Winter might be a few months away but the more than 50 member towns and authorities of the Bucks County Consortium are facing a slight increase in the cost for road salt for the 2019-20 winter season.

The Morton Salt bid of $48.50 per ton submitted to the consortium in August is a 58-cent increase over last year’s bid, and lower than what the consortium has negotiated for salt for two winters before that.

The consortium is a member organization for cooperative agreements among towns, including joint bidding for salt, heating oil and other supplies or services, according to the group’s website. The consortium had about 60 towns and municipal authorities as members in 2019.

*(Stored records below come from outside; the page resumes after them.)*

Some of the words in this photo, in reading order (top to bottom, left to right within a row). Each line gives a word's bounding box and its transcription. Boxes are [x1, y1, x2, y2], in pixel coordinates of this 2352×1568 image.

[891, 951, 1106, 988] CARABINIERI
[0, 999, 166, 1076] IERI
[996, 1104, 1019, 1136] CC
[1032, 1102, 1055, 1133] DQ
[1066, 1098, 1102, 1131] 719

Morton was the lowest of the five bidders who answered the consortium’s legal notice, which included a $65.89 per ton bid from Detroit Salt Co.

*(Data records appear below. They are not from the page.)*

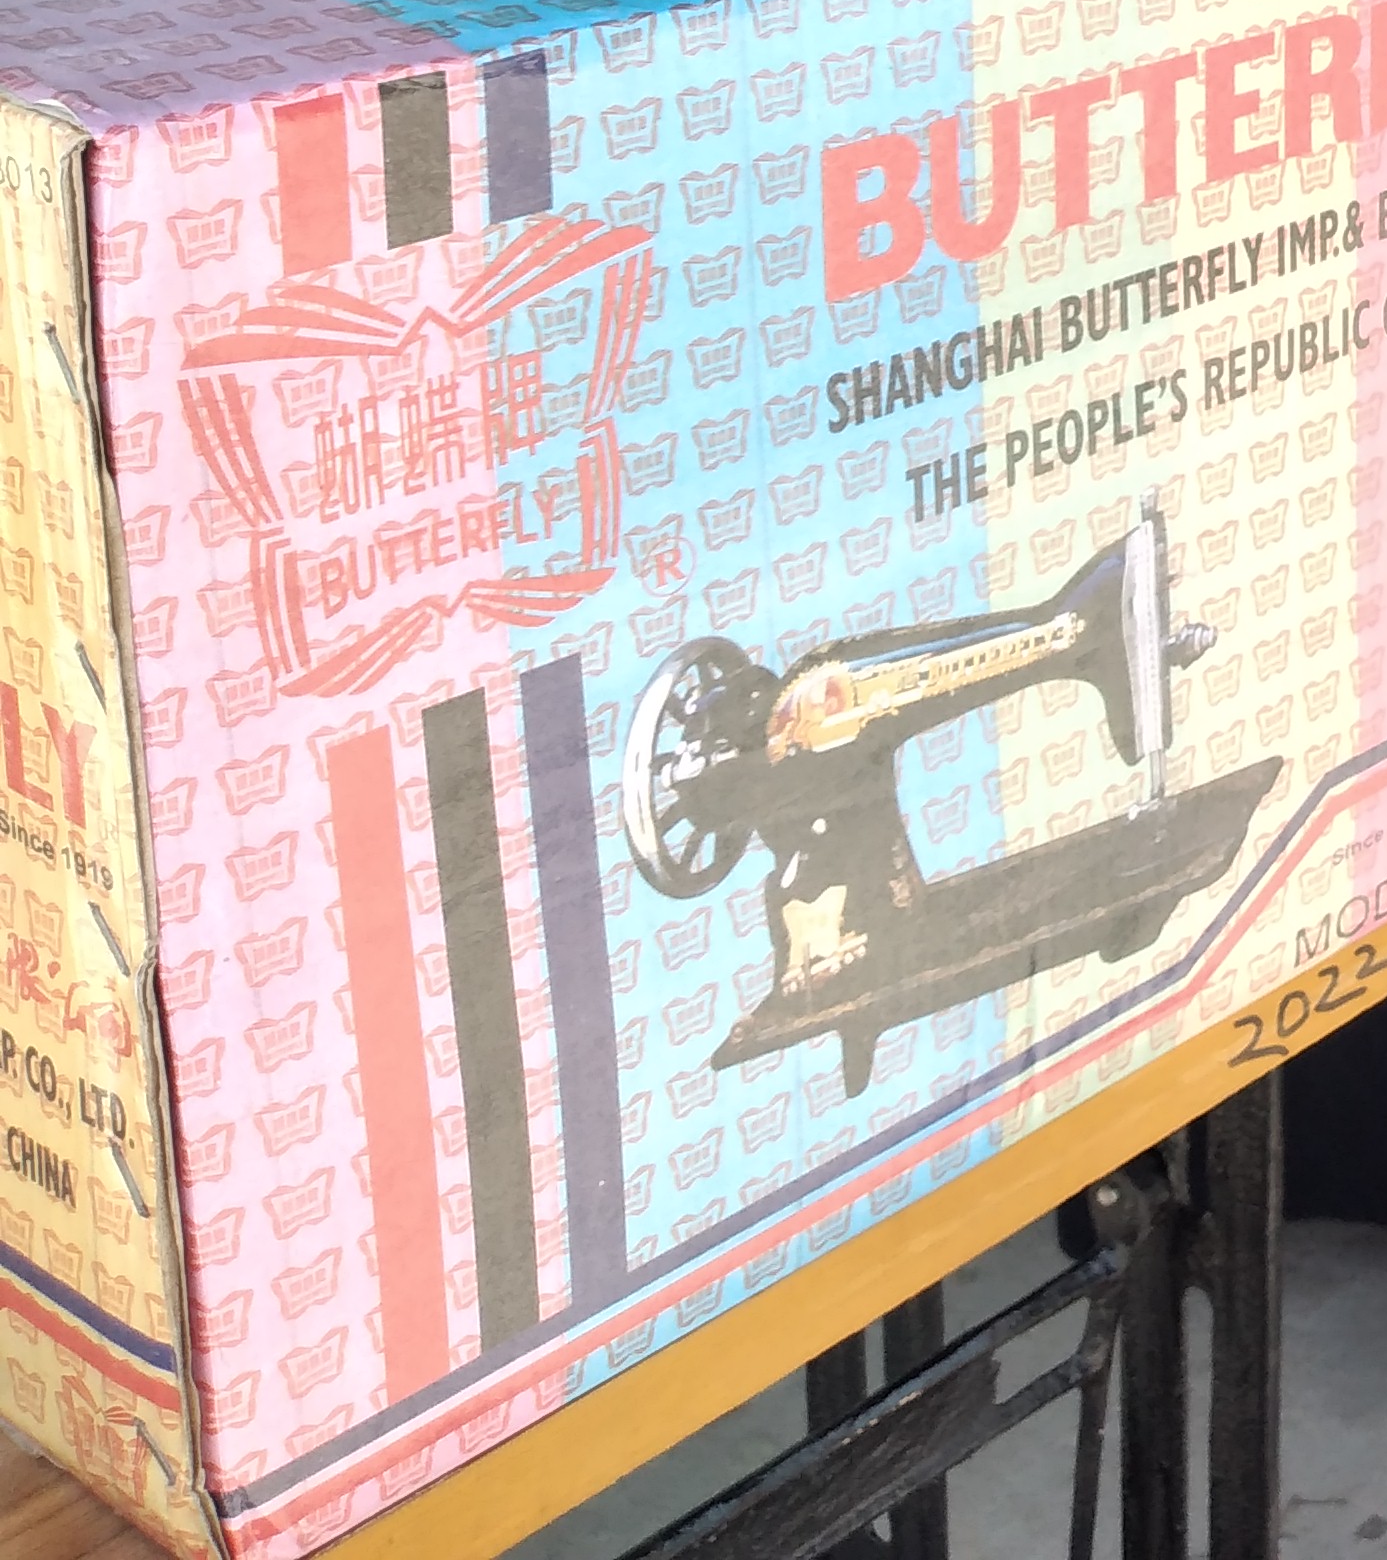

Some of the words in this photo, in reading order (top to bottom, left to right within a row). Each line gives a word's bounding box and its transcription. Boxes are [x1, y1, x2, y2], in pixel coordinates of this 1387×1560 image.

[826, 306, 1044, 434] SHANGHAI
[1060, 232, 1263, 353] BUTTERFLY
[905, 443, 988, 523] THE
[1006, 369, 1188, 488] PEOPLE'S
[1204, 299, 1370, 413] REPUBLIC
[320, 484, 560, 619] BUTTERFLY
[0, 808, 55, 860] Since
[61, 846, 114, 891] 1919
[1332, 830, 1384, 867] Since
[26, 1045, 72, 1121] CO.,
[79, 1077, 136, 1149] LTD.
[7, 1126, 77, 1209] CHINA

Consortium members aren’t automatically taking on the lowest bidder, as the governing boards of each member organization need to vote at their respective public meetings.

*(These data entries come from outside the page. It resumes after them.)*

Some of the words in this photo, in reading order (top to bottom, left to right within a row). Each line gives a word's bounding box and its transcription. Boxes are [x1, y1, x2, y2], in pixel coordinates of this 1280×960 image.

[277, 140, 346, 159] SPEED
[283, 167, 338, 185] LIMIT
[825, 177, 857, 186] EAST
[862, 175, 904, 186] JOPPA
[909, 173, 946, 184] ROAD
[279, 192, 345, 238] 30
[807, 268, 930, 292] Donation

The Lower Bucks County Joint Municipal Authority approved the Morton bid Thursday night, while Warrington supervisors made the bid part of its consent agenda Tuesday.

The consortium’s salt bid notice indicated nearly 51,000 tons of salt could be purchased in this bid, which could mean more than $29,000 spent on salt this year overall.

A salt shortage last year saw skyrocketing salt prices for many towns across Pennsylvania — the Associated Press reported a Beaver County town saw a 95% jump in 2018 prices compared to 2017.

In the end, the final cost of keeping the roads clear in Bucks County this winter is going to come down to how efficiently each agency can use its resources.

Since winters span the end and beginning of two calendar years, a blizzard in December could mean less salt to use for the mid-March winter squalls that have hit the county over the past few years.

A Harleysville-based company might have something to supplement a town’s salt reserves in synthetic “ice-melt” that is about a year or so away from being ready for roads.

Nate Clemmer, founder and CEO of Branch Creek, says his company has already developed salt alternatives useful for sidewalks and parking lots, and they’re currently testing a formula that could help keep roads ice free in extremely cold conditions.

“We are developing a product that we’re going to trial and pilot this winter which would be a chloride-free alternative to bulk road salt,” Clemmer said in a phone interview Monday.

Clemmer said his product isn’t going to replace rock salt, but it could cut down in “over-application” of rock salt in extremely cold weather.

“Where we see the biggest issue, where we see the excess, is in particularly cold temperatures … in the outer edge of what road salt can actually do,” Clemmer said.

An early, similar product by Branch Creek called Entry uses a potassium salt that has a freezing point lower than -70 degrees Fahrenheit called potassium formate.

Clemmer added the synthetic ice melt could help reduce the corrosion salt can have on metal and salt levels in groundwater.